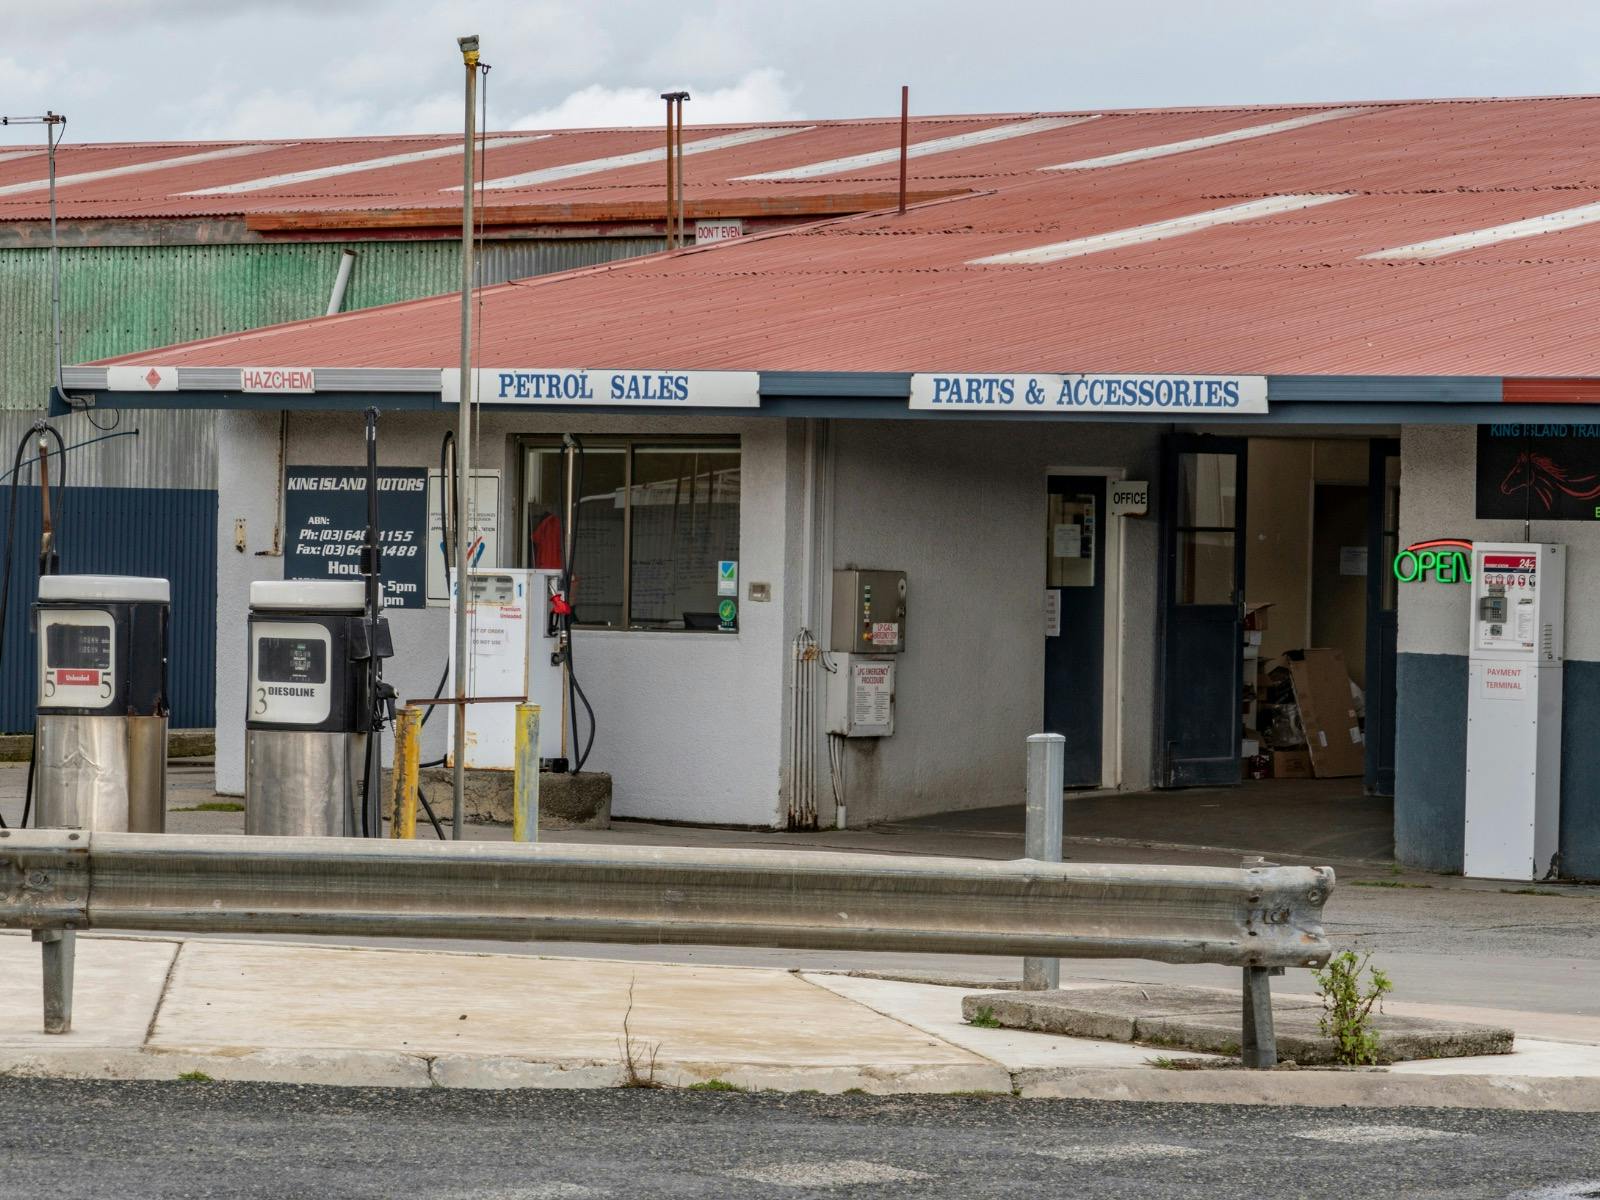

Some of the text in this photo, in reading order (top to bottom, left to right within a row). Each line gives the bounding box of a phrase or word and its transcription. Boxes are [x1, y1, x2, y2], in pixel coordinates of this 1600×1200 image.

[698, 226, 740, 239] DON'T EVEN
[244, 371, 312, 389] HAZCHEM
[498, 373, 689, 401] PETROL SALES
[932, 377, 1240, 408] PARTS & ACCESSORIES
[1490, 423, 1521, 437] KING
[287, 477, 320, 491] KING
[319, 477, 367, 491] ISLAND
[1113, 492, 1147, 505] OFFICE
[308, 516, 330, 525] ABN:
[299, 529, 318, 541] Ph:
[319, 529, 344, 542] (03)
[380, 530, 414, 541] 1155
[296, 544, 321, 555] Fax:
[321, 544, 346, 557] (03)
[382, 546, 418, 557] 1488
[1393, 551, 1472, 582] OPEN
[1487, 668, 1521, 677] PAYMENT
[45, 672, 112, 699] 5 Unleaded 5
[1486, 681, 1522, 690] TERMINAL
[255, 686, 315, 715] 3 DIESOLINE

•••••

#### What is needed:
Output every entry above exactly as written, but omit the pictures.

#### Answer box:
Some of the text in this photo, in reading order (top to bottom, left to right within a row). Each line gives the bounding box of a phrase or word and its transcription. Boxes are [x1, y1, x2, y2], in pixel coordinates of this 1600×1200 image.

[698, 226, 740, 239] DON'T EVEN
[244, 371, 312, 389] HAZCHEM
[498, 373, 689, 401] PETROL SALES
[932, 377, 1240, 408] PARTS & ACCESSORIES
[1490, 423, 1521, 437] KING
[287, 477, 320, 491] KING
[319, 477, 367, 491] ISLAND
[1113, 492, 1147, 505] OFFICE
[308, 516, 330, 525] ABN:
[299, 529, 318, 541] Ph:
[319, 529, 344, 542] (03)
[380, 530, 414, 541] 1155
[296, 544, 321, 555] Fax:
[321, 544, 346, 557] (03)
[382, 546, 418, 557] 1488
[1393, 551, 1472, 582] OPEN
[1487, 668, 1521, 677] PAYMENT
[45, 672, 112, 699] 5 Unleaded 5
[1486, 681, 1522, 690] TERMINAL
[255, 686, 315, 715] 3 DIESOLINE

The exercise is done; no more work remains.